▸ **EXERCISE DESCRIPTION**
Copy the records word for word, omitting all pictures.

RECORDS FOR THIS TASK section start

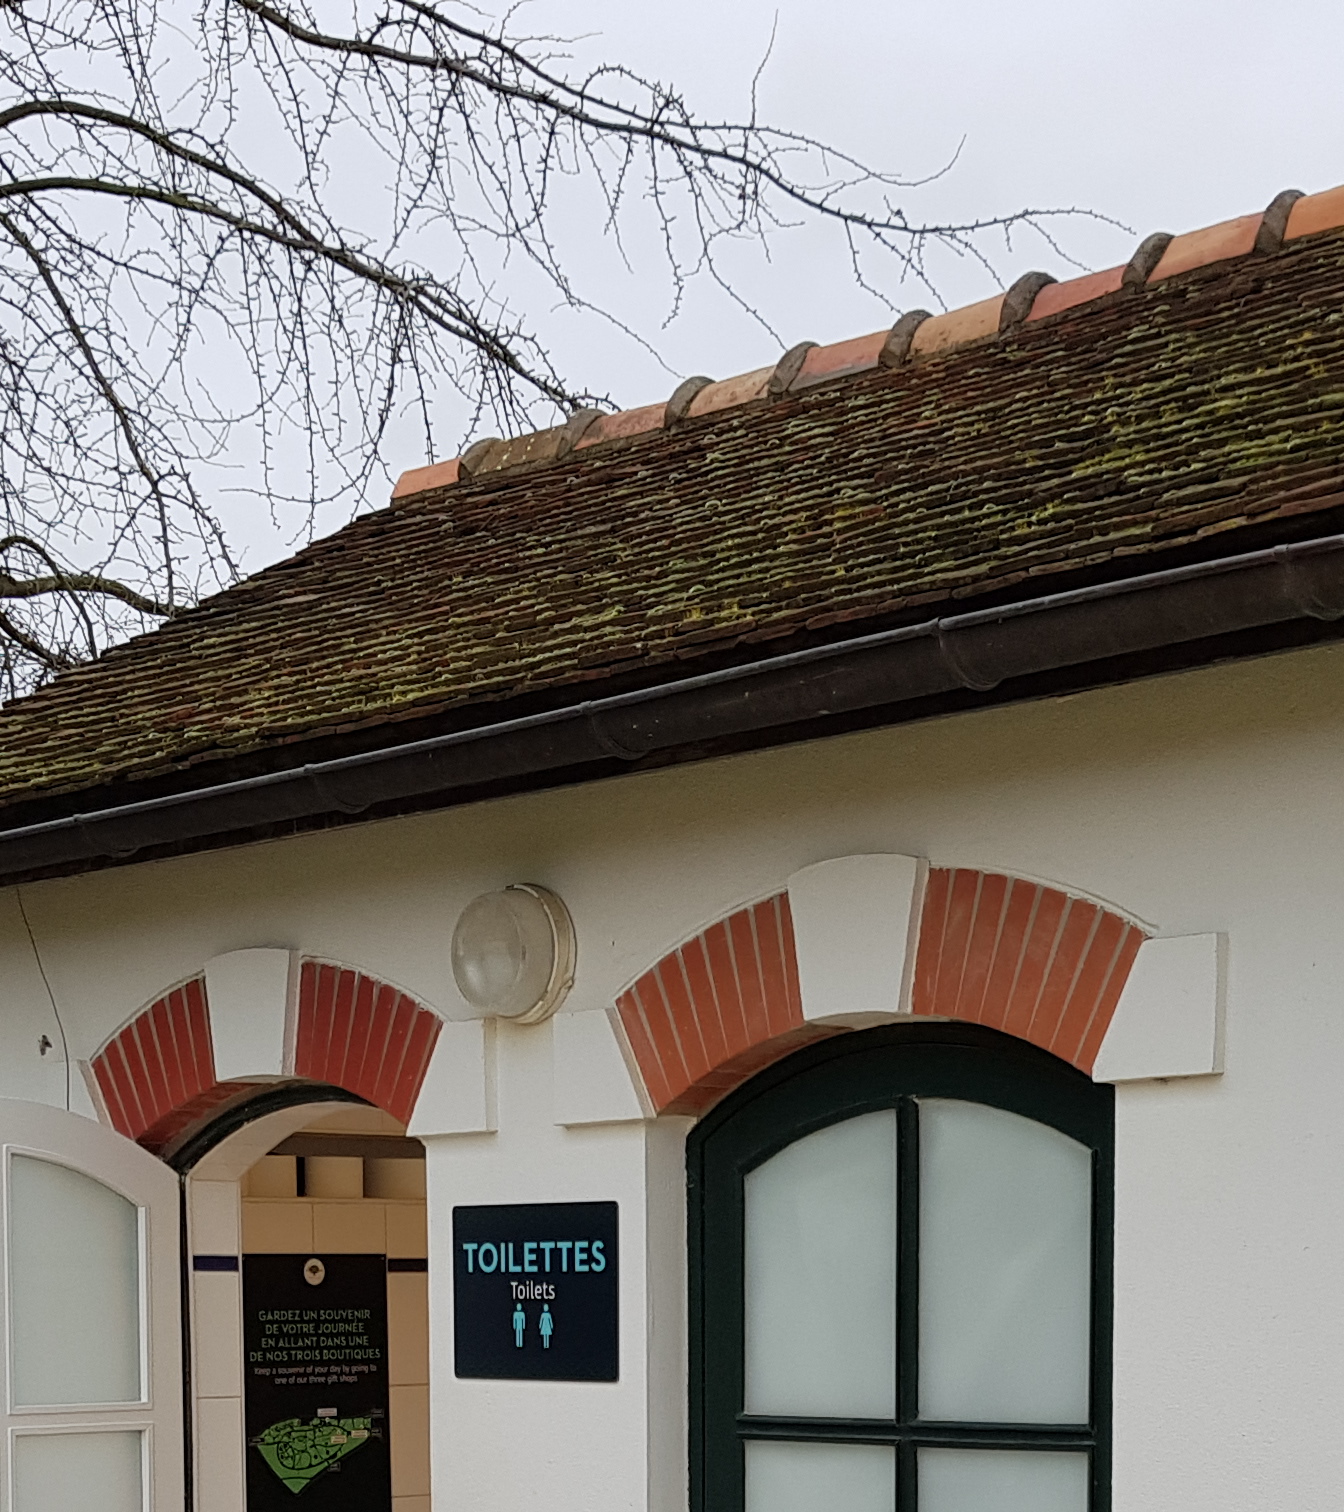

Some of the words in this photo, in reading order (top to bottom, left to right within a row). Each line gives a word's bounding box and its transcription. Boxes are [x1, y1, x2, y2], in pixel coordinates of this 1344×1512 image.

[463, 1241, 606, 1273] TOILETTES
[510, 1281, 555, 1299] Toilets
[259, 1310, 300, 1320] GARDEZ
[303, 1310, 317, 1320] UN
[320, 1310, 370, 1319] SOUVENIR
[266, 1324, 279, 1334] DE
[282, 1324, 315, 1334] VOTRE
[262, 1338, 275, 1347] EN
[278, 1337, 317, 1347] ALLANT
[320, 1336, 346, 1346] DANS
[349, 1336, 369, 1346] UNE
[250, 1352, 263, 1361] DE
[266, 1351, 288, 1361] NOS
[290, 1350, 320, 1360] TROIS
[323, 1349, 380, 1359] BOUTIQUES

RECORDS FOR THIS TASK section end

▸ **SOLUTION BELOW**
Some of the words in this photo, in reading order (top to bottom, left to right within a row). Each line gives a word's bounding box and its transcription. Boxes are [x1, y1, x2, y2], in pixel coordinates of this 1344×1512 image.

[463, 1241, 606, 1273] TOILETTES
[510, 1281, 555, 1299] Toilets
[259, 1310, 300, 1320] GARDEZ
[303, 1310, 317, 1320] UN
[320, 1310, 370, 1319] SOUVENIR
[266, 1324, 279, 1334] DE
[282, 1324, 315, 1334] VOTRE
[262, 1338, 275, 1347] EN
[278, 1337, 317, 1347] ALLANT
[320, 1336, 346, 1346] DANS
[349, 1336, 369, 1346] UNE
[250, 1352, 263, 1361] DE
[266, 1351, 288, 1361] NOS
[290, 1350, 320, 1360] TROIS
[323, 1349, 380, 1359] BOUTIQUES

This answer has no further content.